I’m not exactly the kind of person who would get therapy from a wolf, to be quite frank. Then again, I haven’t been in battle — and those who have are cut from a different cloth.
A new Animal Planet television series, “Wolves and Warriors,” features combat veterans with Post-Traumatic Stress Disorder work with wolves and wolfdogs (wolves that are crossbred with dogs) as part of their therapy. It premieres at 10 p.m. on Sept. 1.
“Few other animals inspire such passion, excitement and fear as the Wolf. They’re mysterious, intelligent, protective and loyal, and Animal Planet’s all-new series spotlights one group’s unique mission to rescue and care for these creatures,” a news release from the network reads.
The series “follows U.S. Navy veteran Matt Simmons and Dr. Lorin Lindner, the husband and wife team behind Lockwood Animal Rescue Center (LARC), a private sanctuary that rescues wolves and wolf-dog hybrids whose lives are threatened by poachers, illegal breeders and other perils.
“Episodes document high risk rescues and rehabilitation efforts undertaken by Matt and Lorin, who are joined by combat veterans working to overcome the traumas of war.”
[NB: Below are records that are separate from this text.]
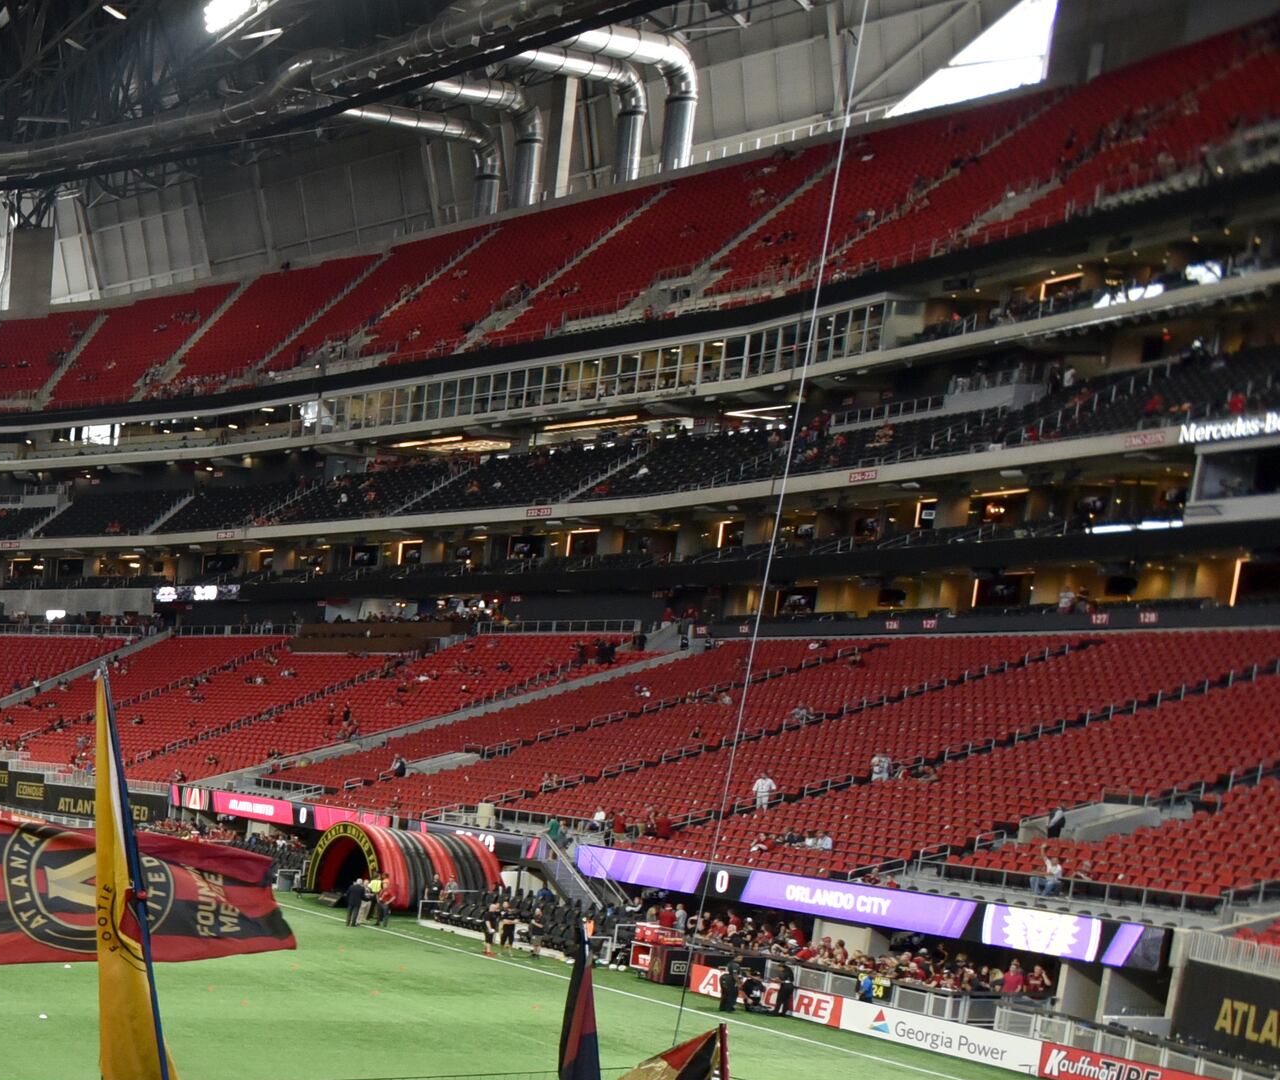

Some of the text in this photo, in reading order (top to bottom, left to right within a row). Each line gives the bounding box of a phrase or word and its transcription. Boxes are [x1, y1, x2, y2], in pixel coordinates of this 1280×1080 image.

[922, 619, 936, 629] 127
[1092, 614, 1108, 624] 127
[17, 783, 45, 798] CONQUE
[133, 805, 148, 821] TED
[299, 807, 307, 824] 0
[11, 832, 39, 930] ATLANTA
[715, 870, 730, 894] 0
[785, 884, 892, 916] ORLANDO CITY
[98, 883, 120, 953] FOOTIE
[1214, 997, 1280, 1047] ATLA
[894, 1020, 1008, 1062] Georgia Power
The first episode, for instance, involves rescuing a wolf from a backyard that needs a medical procedure or will die. Other episodes involving rescuing wolves from wildfires and poachers — in other words, stuff I’d be more than happy to watch yet wouldn’t do for millions of dollars.
But that’s what makes the vets a different breed themselves — and their rehabilitation is just as much of a focus of the show.
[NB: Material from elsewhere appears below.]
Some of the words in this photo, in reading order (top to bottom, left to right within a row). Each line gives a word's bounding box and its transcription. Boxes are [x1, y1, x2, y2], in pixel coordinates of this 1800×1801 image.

“The amazing thing about starting up a relationship with a wolf … is that it’s a relationship that you can’t will to be,” Simmons told the New York Post.
“You have to walk in slow. You have to walk in quiet. You have to walk in open. You have to be willing to share a piece of yourself.”
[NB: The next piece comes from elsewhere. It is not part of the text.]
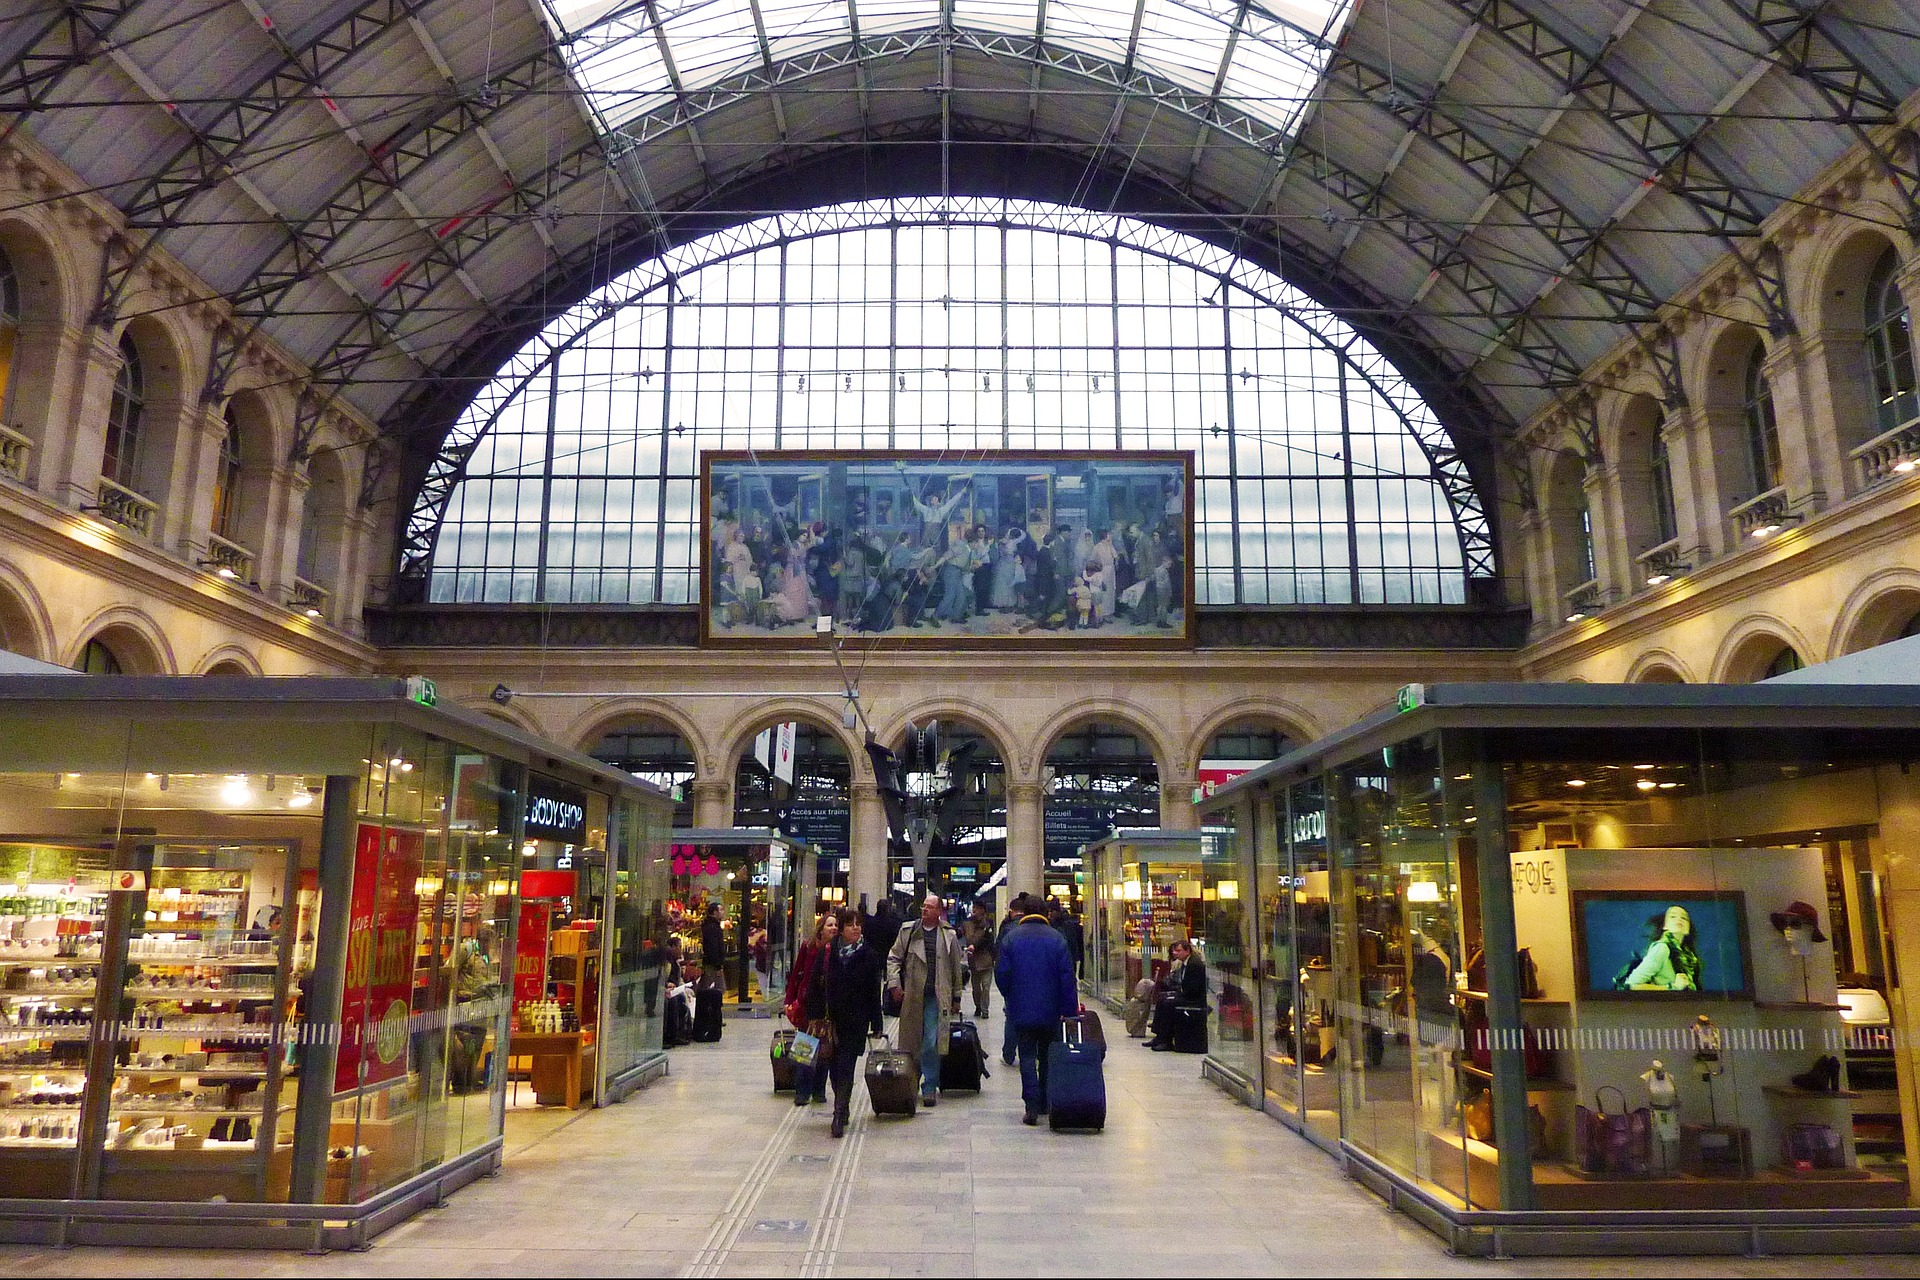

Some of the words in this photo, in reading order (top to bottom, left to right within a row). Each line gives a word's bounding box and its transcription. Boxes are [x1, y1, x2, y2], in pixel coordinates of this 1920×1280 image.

Simmons actually met his wife at another program in Los Angeles, this time working with abandoned and neglected parrots. (That’s more my speed, really.)
The Navy vet ended up bonding with a parrot named Ruby, who “allowed me to look at my internal struggle differently and allowed me to look at other veterans struggles differently.
“It repurposed and refocused me on being an animal advocate and being an animal spokesperson and as a spokesperson for veterans,” he said.
Simmons and Linder married in 2009 and started LARC. Their wolf-work started later.
“Simmons was on his way to LA when his trailer came unattached from his truck,” the Post reported.
“He managed to get the trailer chained back up, but instead of heading to LA, he headed to nearby Bakersfield for repairs, where he got a call from Lindner that there was a wolf in a local shelter that was going to be euthanized. Simmons walked less than half a block and rescued a wolfdog named Wiley — and, shortly thereafter, LARC become home to more than a dozen wolves and wolfdogs, introducing the ‘Warriors and Wolves’ program for vets to work with the animals.
Amazing work by amazing people, who now have eight to 10 veterans working in the program. Eight to 10 very brave veterans.